By Peter Farmer
One of the frustrations of being a telecommunications regulatory person is that stuff affecting Simwood and other providers today is a result of consultations and ideas postulated by the government and its agencies years ago. The change of economic model from Fully Allocated Cost to Long Run Incremental Cost which saw termination rates crash only came into force in [2013] for UK fixed operators but was passed as an Regulation in the EU in 2009. The European Electronic Communications Code which will be fully in effect in the UK come April 2023, was passed by the EU in 2018 and debated for some time before that.
The most common facepalm moment in this job is hearing “That’s really onerous, what are we going to do to stop it?” on the day something gets Royal Assent, or “How are we going to implement this in time?” the week before an Ofcom General Condition comes into force… when struggling to get engagement when the matters were being consulted upon, sometimes years in advance.
Compliance in some cases has become reactive instead of proactive; for example, some providers only join an ADR scheme when Ofcom points out their obligation to in General Condition C4.3(a) when they’ve been complained about. That’s a risk resource constrained new entrants run after making a calculated decision, weighing up the probability of formal enforcement versus dropping everything to comply in the moment.
With the tiniest of violins playing sad music in the background for my plight, I am going to make a plea. The Telecommunications (Security) Act 2021 is already in force which replaced the broad requirements on operators in relation to cybersecurity; it also empowers Nadine Dorries (yep) to enact regulations and a code of practice which dictates various stuff you must do if you have a turnover more than £630k a year.
The compliance ‘business case’ I alluded to earlier has some very very different parameters. These are draconian obligations drafted by the spooks in NCSC and GCHQ, with the Department of Digital, Culture, Media and Sport being the convenient front for this level of statism. As currently drafted, they mandate encryption standards for traffic, a requirement to operate your network only using UK based personnel and equipment, applying patches within 14 days of release or else, revoking access to staff that travel to certain countries, regular penetration testing and a hundred-plus pages of detail on other technical specifics.
I have no idea what a management plane or a hypervisor is, but I know you will have to consider them in your future network design and re-engineer if there’s a risk arising from them if the regulations pass… and if they do pass, the coming into force date is likely to be October 2022.
This is not something to be taken lightly. It is not something to assume you can quickly fix if the regulator knocks on your door like a missing complaints code of conduct on your website – I’m told moving infrastructure between AWS availability zones is not a pleasant task for example, but that’s precisely what the regulations may require early adopters of cloud computing from Dublin to have to do.

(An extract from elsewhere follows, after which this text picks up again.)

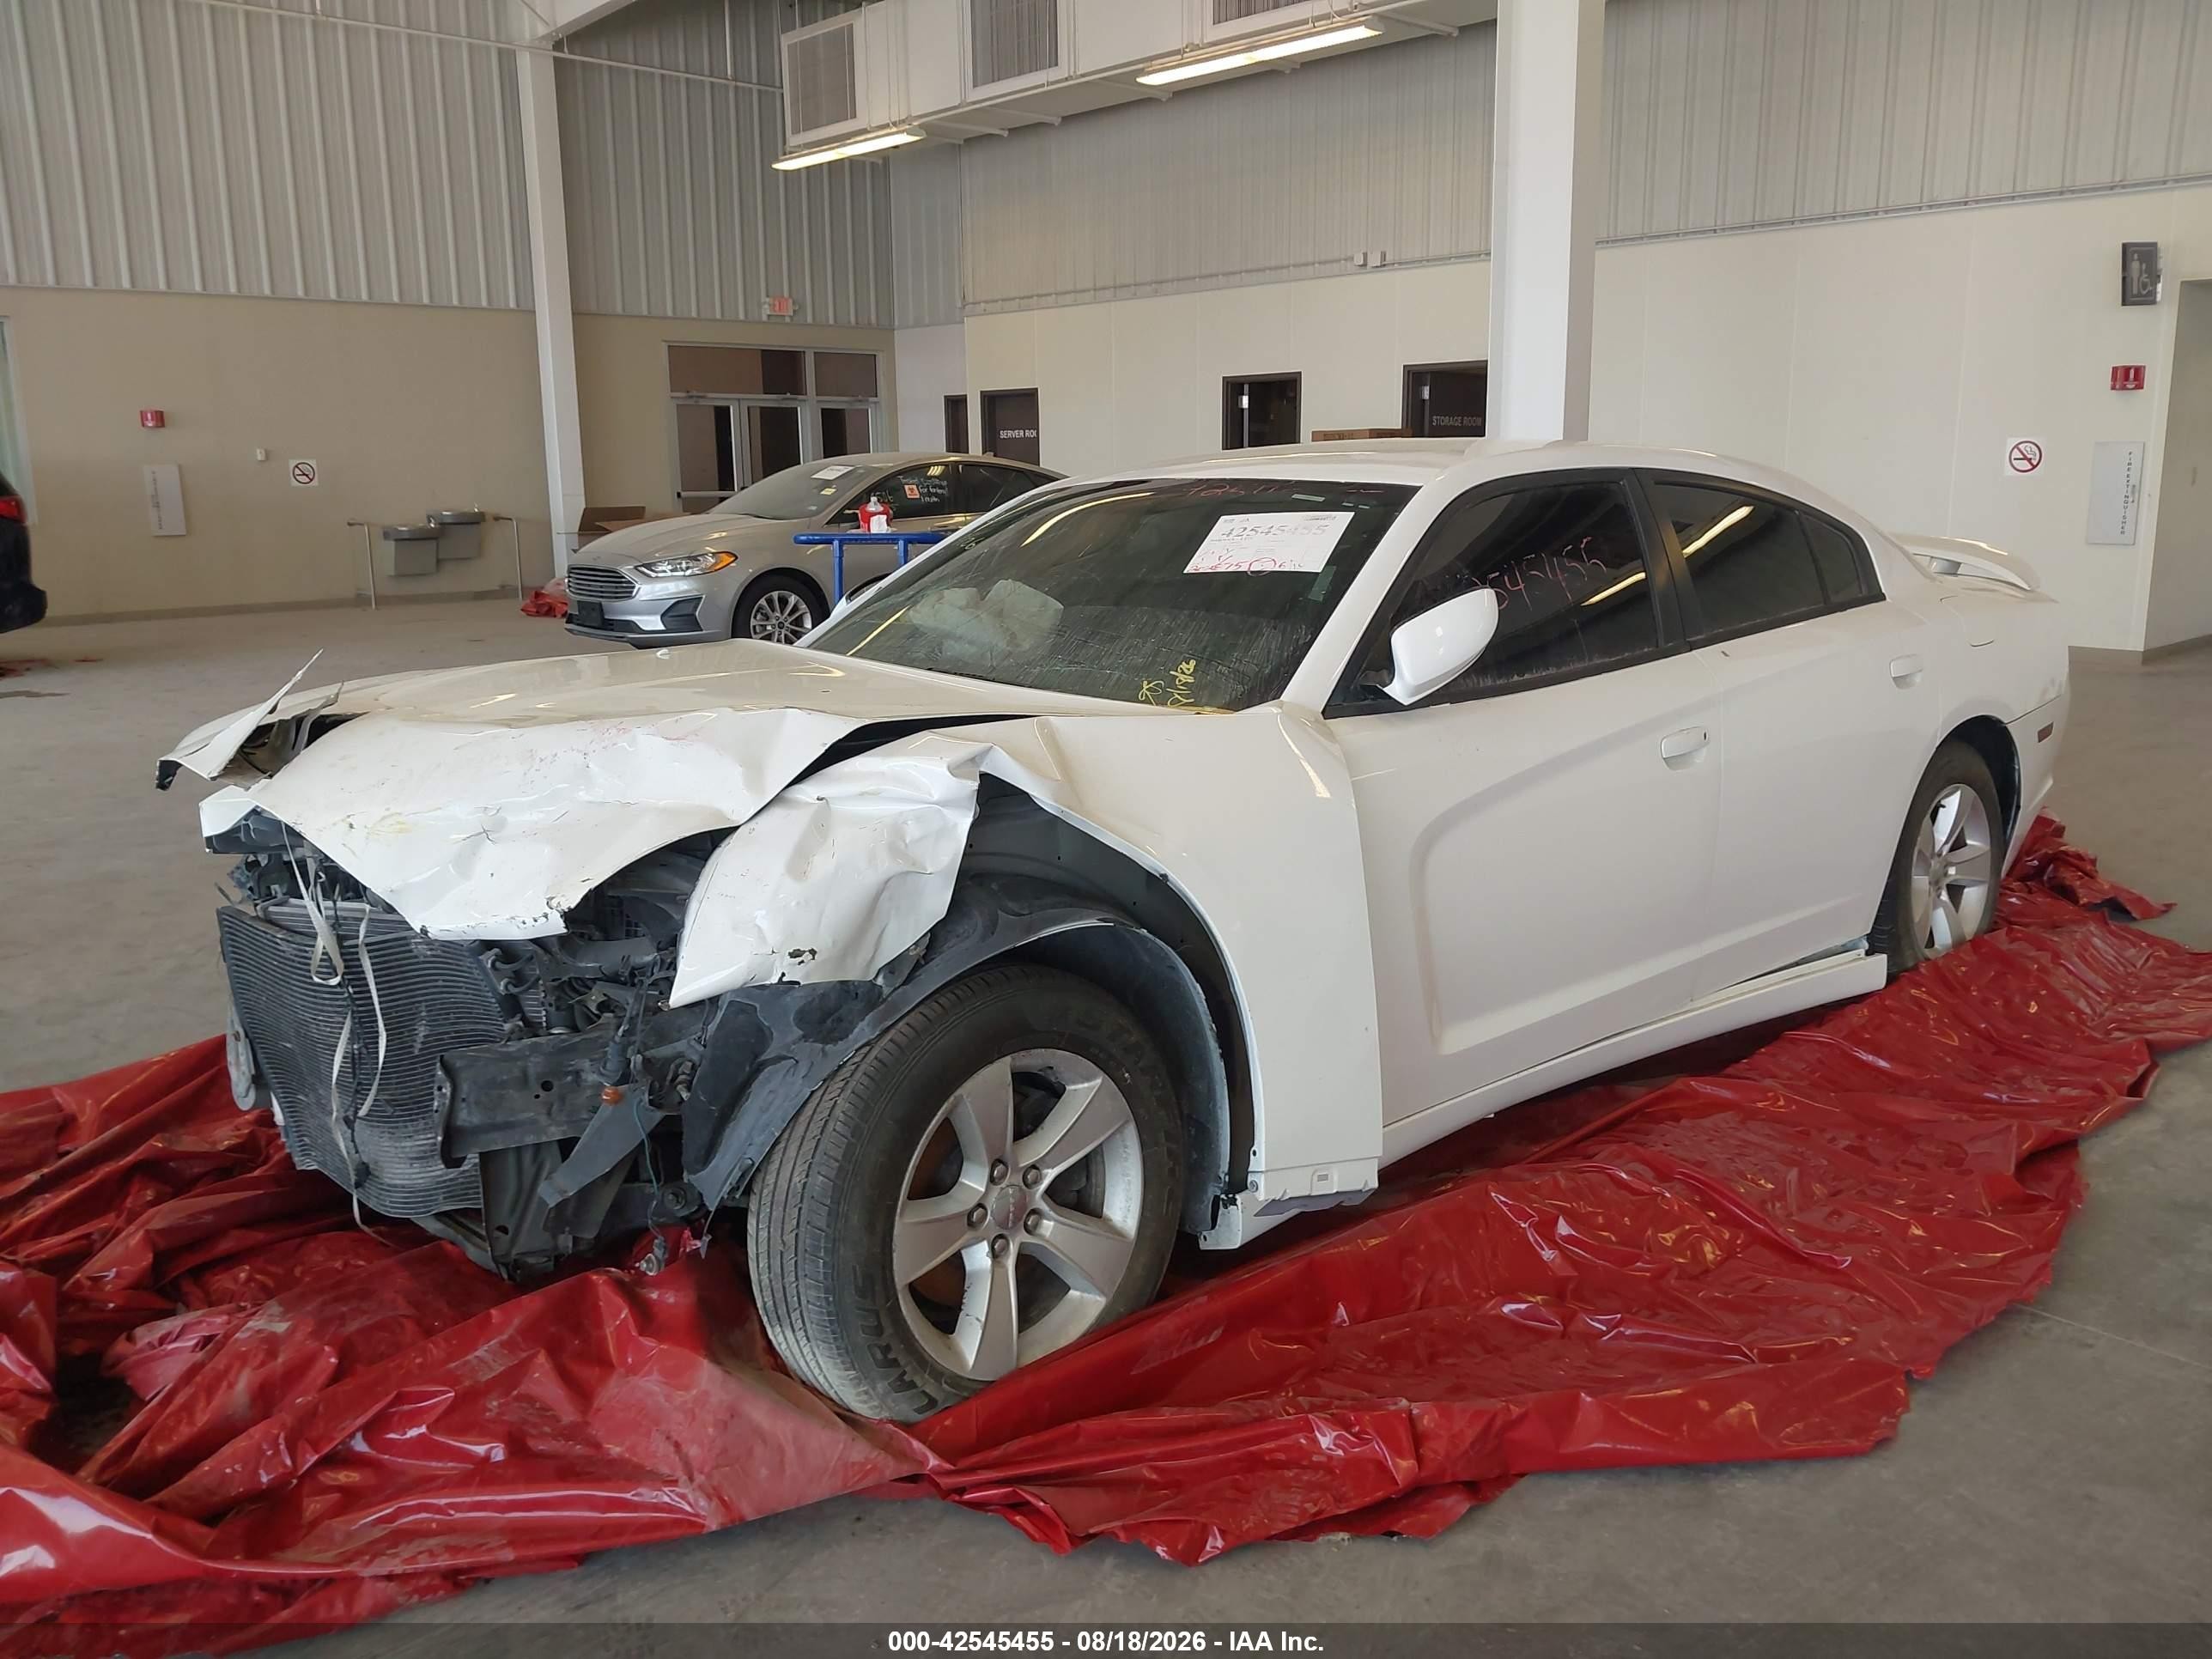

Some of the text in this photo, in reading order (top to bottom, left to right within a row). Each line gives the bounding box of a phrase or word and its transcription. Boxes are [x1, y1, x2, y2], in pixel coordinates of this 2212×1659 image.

There is going to be a stampede in the coming months; my plea is that we all get ahead of the crowd before we get caught up in the melee. In the coming weeks, Simwood founder, Simon Woodhead and CTO Charles Chance will join me in releasing articles on this blog about how Simwood’s technology stack is already able to help you discharge your likely future obligations, and forewarn you of things that only you’ll be able to do.